No es solamente este anunciado desalojo de la literatura por sombríos burócratas lo que nos alerta. Un grupo oscurantista logró en Miraflores el despido del curador del Municipio. El pretexto, típico de los retrógrados, es que la muestra de la artista Cristina Planas, “ofendía sus sentimientos religiosos”.

No se han enterado de que vivimos en democracia, que el Estado es laico y que la censura en todas sus formas fue abolida desde la Constitución de 1979. Estos grupos que viven en el espíritu teocrático de la Colonia, se sienten en la obligación de que los demás sigamos su forma de pensar. No entienden que vivimos en una república de ciudadanos y que nos regimos por principios constitucionales.

Estos herederos de la Edad Media repudian la pluralidad y así ponen en riesgo la convivencia democrática. Desconocen la libertad de conciencia y la opción religiosa como una decisión autónoma del individuo. Creen que su propia elección es obligatoria para los demás, con lo que demuestran su vocación totalitaria.
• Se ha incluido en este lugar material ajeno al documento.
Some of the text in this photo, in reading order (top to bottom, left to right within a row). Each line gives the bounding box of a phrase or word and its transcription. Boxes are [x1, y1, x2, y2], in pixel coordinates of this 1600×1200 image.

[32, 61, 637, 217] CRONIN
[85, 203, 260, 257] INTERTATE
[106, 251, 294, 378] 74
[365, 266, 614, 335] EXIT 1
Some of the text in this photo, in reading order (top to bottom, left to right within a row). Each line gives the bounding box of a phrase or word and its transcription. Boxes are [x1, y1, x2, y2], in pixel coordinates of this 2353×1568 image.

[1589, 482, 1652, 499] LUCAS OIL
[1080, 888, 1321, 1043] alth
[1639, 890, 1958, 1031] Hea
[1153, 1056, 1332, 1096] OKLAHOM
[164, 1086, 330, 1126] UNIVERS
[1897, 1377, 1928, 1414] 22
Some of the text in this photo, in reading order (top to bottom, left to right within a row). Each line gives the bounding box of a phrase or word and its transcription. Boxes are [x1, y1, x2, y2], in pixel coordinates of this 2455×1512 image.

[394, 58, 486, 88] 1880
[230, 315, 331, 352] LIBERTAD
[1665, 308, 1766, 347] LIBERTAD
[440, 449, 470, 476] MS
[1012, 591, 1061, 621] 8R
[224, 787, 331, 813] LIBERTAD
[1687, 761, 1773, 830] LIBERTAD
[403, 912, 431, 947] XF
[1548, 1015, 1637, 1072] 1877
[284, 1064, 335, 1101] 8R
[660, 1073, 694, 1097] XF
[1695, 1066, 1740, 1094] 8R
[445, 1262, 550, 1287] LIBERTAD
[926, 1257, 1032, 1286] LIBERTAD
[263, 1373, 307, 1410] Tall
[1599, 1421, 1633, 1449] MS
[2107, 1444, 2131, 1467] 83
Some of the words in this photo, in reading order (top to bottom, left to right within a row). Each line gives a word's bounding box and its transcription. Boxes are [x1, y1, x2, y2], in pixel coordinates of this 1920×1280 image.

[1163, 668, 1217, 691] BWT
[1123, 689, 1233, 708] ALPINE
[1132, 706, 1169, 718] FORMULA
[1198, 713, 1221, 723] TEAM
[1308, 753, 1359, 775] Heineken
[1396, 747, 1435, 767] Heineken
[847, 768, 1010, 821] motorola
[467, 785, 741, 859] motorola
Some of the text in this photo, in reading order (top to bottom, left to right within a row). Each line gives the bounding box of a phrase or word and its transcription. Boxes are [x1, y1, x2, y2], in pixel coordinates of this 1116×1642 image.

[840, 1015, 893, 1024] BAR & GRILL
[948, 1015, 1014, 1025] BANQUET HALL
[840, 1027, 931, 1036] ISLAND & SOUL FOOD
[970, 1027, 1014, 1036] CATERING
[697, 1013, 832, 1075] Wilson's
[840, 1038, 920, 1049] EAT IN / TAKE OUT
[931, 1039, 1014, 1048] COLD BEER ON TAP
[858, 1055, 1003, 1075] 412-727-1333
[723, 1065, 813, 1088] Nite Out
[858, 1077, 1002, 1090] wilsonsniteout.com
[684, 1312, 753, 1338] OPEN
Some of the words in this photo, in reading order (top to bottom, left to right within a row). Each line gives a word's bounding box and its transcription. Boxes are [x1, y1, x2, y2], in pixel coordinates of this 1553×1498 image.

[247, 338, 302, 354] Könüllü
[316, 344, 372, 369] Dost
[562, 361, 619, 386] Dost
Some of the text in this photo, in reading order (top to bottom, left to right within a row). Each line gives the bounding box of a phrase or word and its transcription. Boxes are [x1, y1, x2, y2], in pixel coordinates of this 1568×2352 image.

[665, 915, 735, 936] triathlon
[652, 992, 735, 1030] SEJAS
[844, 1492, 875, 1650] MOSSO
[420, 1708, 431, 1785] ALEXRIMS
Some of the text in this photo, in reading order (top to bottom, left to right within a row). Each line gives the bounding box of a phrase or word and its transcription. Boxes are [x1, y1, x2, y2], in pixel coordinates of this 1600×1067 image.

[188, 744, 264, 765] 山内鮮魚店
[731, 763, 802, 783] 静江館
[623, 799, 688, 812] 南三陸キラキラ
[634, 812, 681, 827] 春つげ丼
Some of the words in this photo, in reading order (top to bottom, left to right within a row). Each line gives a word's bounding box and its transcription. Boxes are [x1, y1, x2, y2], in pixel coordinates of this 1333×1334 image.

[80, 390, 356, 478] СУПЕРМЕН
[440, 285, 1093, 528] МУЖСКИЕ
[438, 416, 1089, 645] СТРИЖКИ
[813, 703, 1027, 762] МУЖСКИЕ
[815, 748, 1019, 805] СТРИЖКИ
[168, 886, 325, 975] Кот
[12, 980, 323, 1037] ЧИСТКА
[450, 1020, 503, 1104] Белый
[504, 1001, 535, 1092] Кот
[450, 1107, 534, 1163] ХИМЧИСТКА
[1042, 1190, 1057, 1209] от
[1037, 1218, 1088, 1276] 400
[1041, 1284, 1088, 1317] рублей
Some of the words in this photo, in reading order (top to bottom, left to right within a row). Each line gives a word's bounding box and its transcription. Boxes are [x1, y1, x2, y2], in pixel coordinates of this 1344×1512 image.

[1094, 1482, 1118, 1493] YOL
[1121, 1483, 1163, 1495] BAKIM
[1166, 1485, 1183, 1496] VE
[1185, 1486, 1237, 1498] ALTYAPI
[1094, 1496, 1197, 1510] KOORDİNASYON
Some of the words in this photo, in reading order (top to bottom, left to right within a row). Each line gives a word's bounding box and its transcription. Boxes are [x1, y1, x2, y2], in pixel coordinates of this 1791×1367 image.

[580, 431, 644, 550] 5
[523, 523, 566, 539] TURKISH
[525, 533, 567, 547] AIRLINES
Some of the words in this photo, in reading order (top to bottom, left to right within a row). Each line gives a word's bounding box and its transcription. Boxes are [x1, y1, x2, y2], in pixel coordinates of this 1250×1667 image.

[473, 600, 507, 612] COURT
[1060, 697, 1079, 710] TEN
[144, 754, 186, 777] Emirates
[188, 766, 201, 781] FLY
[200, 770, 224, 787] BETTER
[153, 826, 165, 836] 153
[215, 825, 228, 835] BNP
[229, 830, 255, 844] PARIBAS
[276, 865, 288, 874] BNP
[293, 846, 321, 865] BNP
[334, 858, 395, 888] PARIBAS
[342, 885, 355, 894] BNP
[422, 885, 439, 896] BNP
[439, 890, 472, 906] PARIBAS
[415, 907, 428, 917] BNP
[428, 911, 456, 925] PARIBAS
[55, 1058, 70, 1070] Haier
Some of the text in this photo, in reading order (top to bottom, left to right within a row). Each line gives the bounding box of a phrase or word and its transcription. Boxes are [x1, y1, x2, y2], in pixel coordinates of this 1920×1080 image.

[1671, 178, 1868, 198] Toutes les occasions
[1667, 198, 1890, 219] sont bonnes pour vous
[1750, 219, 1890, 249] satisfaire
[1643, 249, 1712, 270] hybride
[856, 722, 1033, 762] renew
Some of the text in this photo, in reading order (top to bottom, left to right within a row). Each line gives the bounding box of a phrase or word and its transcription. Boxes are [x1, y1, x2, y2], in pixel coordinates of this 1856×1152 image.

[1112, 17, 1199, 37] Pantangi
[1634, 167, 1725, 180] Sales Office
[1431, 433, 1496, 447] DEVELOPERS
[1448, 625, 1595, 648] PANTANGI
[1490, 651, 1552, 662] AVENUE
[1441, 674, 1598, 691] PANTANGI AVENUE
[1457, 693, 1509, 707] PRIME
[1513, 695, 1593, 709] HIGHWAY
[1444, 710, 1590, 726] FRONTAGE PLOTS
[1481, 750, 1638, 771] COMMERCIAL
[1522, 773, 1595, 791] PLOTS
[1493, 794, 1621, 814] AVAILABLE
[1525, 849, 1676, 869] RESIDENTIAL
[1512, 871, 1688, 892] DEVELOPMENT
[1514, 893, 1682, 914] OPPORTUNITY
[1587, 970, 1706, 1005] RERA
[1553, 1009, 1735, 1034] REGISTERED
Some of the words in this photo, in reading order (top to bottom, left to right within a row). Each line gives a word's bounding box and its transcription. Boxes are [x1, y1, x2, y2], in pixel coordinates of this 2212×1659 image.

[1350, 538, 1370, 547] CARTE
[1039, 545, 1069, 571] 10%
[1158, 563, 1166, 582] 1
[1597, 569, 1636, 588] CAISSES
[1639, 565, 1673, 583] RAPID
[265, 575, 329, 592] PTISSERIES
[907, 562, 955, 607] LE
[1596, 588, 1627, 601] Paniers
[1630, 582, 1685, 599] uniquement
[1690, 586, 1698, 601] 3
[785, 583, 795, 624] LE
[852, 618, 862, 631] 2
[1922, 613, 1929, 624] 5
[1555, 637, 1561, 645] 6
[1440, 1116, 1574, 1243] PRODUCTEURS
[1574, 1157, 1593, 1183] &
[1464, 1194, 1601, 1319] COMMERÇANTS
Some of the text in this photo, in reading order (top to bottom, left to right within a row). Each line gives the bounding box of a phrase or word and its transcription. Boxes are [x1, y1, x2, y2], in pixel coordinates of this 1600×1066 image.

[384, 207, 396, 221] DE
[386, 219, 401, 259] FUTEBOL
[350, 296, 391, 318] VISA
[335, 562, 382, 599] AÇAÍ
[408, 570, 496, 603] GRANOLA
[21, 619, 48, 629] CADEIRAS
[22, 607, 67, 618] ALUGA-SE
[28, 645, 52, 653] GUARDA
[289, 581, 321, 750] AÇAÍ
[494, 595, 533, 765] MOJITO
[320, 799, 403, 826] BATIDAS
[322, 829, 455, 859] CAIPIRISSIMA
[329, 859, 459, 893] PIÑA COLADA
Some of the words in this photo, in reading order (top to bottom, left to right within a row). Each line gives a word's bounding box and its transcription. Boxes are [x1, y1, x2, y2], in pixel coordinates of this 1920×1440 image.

Es impresionante que de pronto nos demos cuenta que algo exactamente igual a las fetuas de los ayatolas o de los talibanes prohibiendo la libertad de expresión, lo tengamos a la vuelta de la esquina. Estos fanáticos salen a cazar brujas con la misma obsesión con que lo habrían hecho en tiempos de la Inquisición.

Cerrar la Casa de la Literatura o someterse a los intolerantes, responde a un mismo comportamiento político al que le interesa poco la cultura y la libertad.